いつも序列が発表される際は、作業台の上に文が届くだけである。そのため、このように、総務長に呼び出されるのは初めてだ。嫌な予感がした。
葵がおそるおそる紙を開けた。そこには28という数字が書かれていた。
「28位?」葵は状況が読み込めなかった。
「そうです」
「御髪下ろしとなる……?」
「そうです。あなたはお部屋を与えられ、御髪下ろし様となられるのです。女官ではなくなり、主人となるのです」
葵は突然のことに呆然とした。確かに手応えはあった。しかしまさか、30位よりも上になるだなんて思ってもみなかったのだ。
「きたる来週、部屋入りの儀を行います。それまでに各御方へのご挨拶を済まされること。また指南役の……」青山はしきたりや儀式に関して一通り説明していたが、何も頭に入ってこなかった。
「聞いておりますか?」と青山は厳しい口調で言った。
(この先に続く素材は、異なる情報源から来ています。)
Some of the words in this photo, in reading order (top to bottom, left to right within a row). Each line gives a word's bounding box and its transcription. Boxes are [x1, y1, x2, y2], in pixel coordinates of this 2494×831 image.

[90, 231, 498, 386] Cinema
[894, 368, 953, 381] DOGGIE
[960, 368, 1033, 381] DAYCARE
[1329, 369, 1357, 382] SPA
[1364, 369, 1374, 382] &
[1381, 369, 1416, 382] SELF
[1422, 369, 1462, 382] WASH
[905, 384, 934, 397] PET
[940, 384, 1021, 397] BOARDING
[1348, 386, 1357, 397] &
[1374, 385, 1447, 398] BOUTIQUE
「ですからよろしいですね?」
「は…はい?」
「もう。ですから、あなたが28位になったということは、誰かが髪結に落ちたと言うことです。そしてそれが誰なのかはすぐにわかるということです。あなたも同じなのですから、あまり驕らずに、謙虚になさること。髪結に落ちたことで精神を病んだものを、私は何度も見てまいりました」
「ご忠告感謝いたします」
大部屋に戻ると皆下がっており誰もいなかった。急に部屋が小さく感じられた。
帰り支度をして、葵は大部屋を出た。
御髪下ろし様方が住まわれる新館は、その名の通り新しく綺麗だ。歩くだけで心地のいい気分となる。
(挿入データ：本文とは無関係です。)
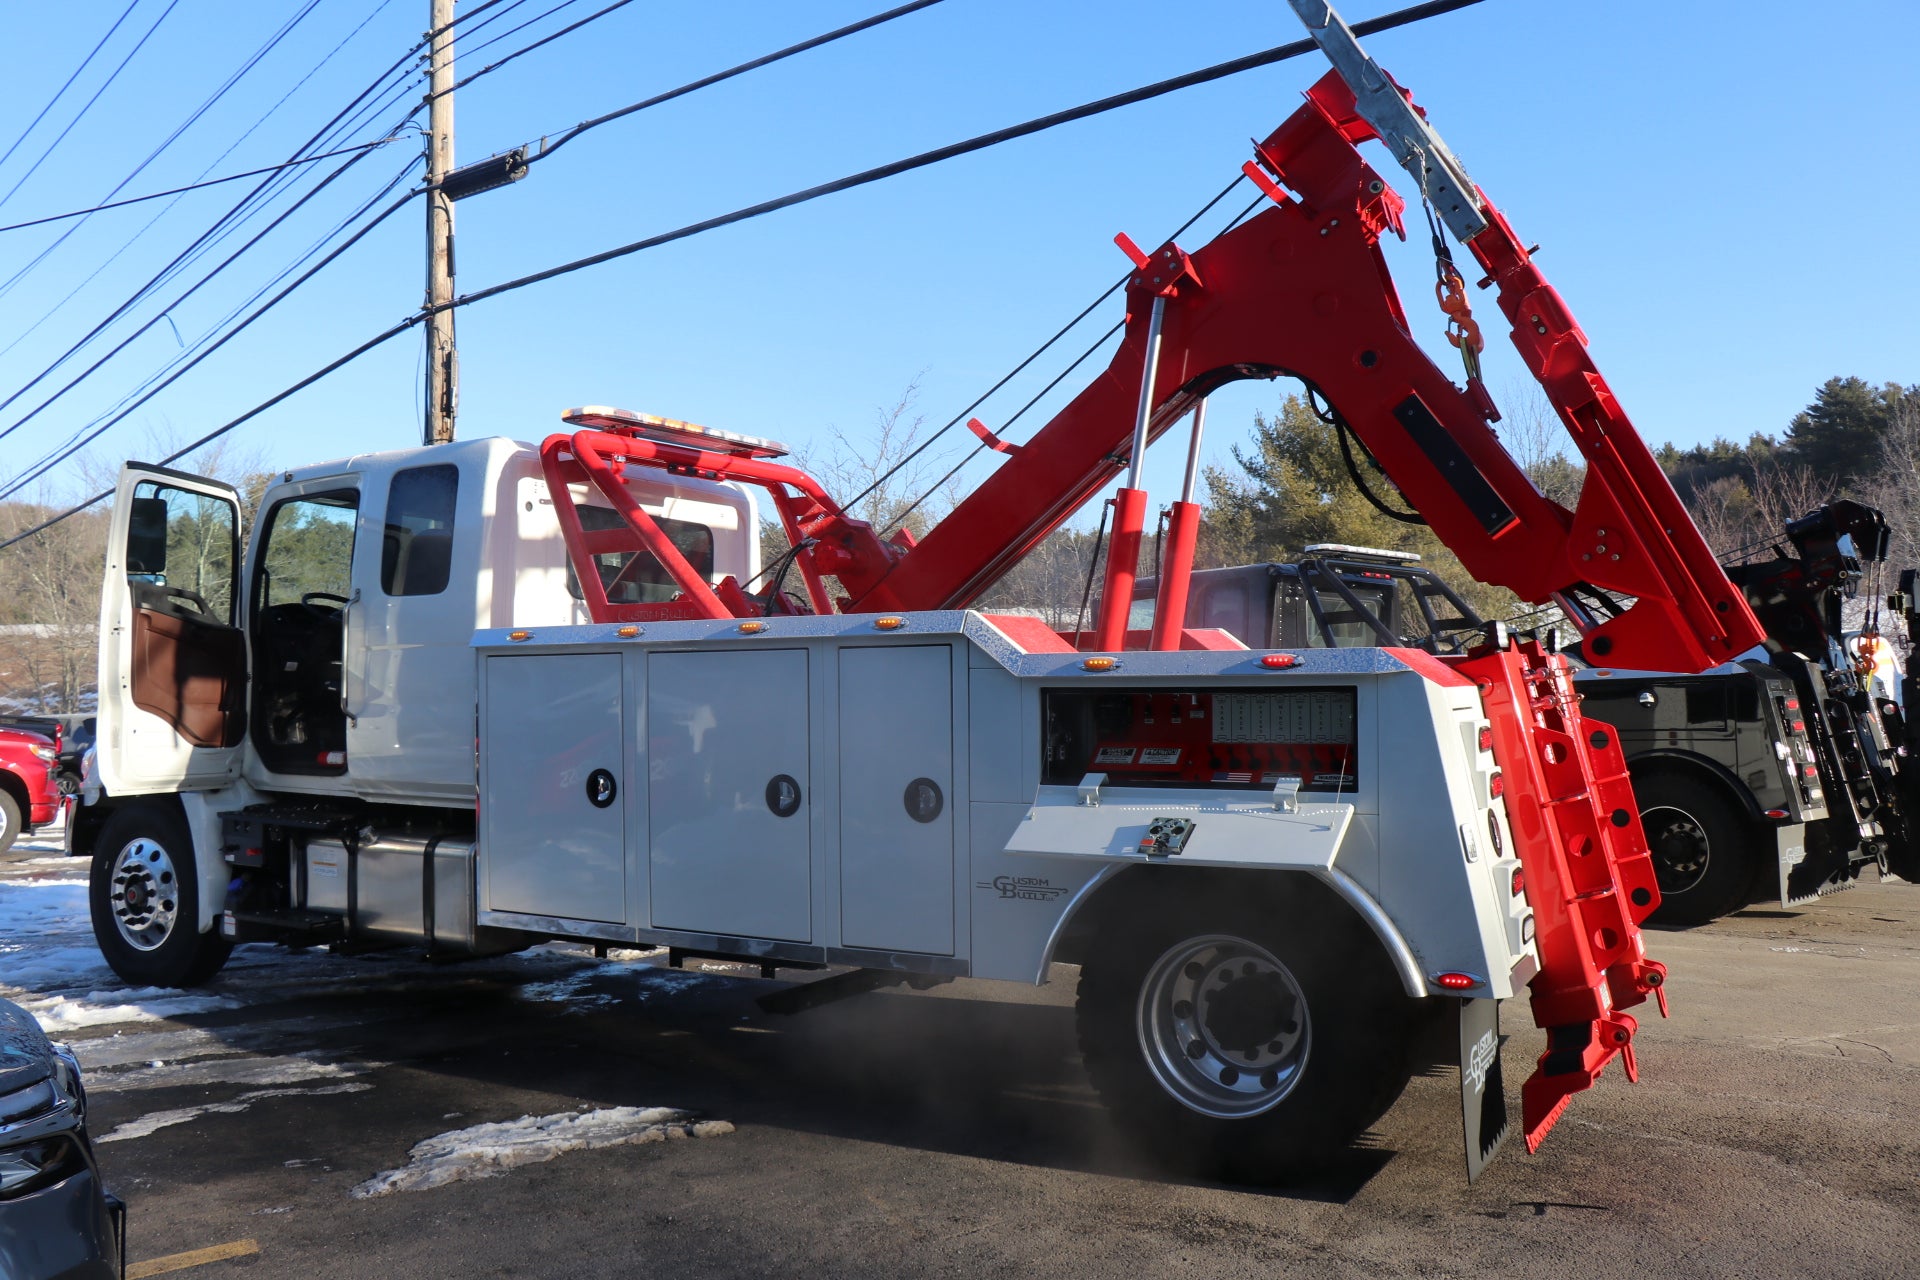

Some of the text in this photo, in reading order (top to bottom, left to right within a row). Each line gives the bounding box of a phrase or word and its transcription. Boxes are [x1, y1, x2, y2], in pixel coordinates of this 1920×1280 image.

[993, 875, 1049, 891] CUSTOM
[999, 882, 1046, 901] BUILT
[1470, 1029, 1492, 1078] CUSTOM
廊下では東野の殿方の下人に言い寄られ、空き部屋へと入っていく髪結の女官たちがいる。
御髪下ろし様のお部屋からは、男の声が聞こえてくる。
こういった男女の仲に葵は縁がない。興味がないからなのか、魅力がないからなのか、あるいは髪結ゆえかはわからない。こちらの新館の世界はまるで異世界のように思える。
旧館と結ぶ渡り廊下まで差し掛かった。通称魔の廊下と呼ばれる廊下だ。旧館は髪結しか入れない場だ。高貴な方は訪れることはない。毎夜、葵はこの古く暗い旧館まで下がっている。
魔の廊下へと差し掛かり、ふと振り返った。新館での暮らしはどのような世界が見えるのだろう。たった、ほんの20歩ほどの狭い渡り廊下。それでも見える世界がまるで違う。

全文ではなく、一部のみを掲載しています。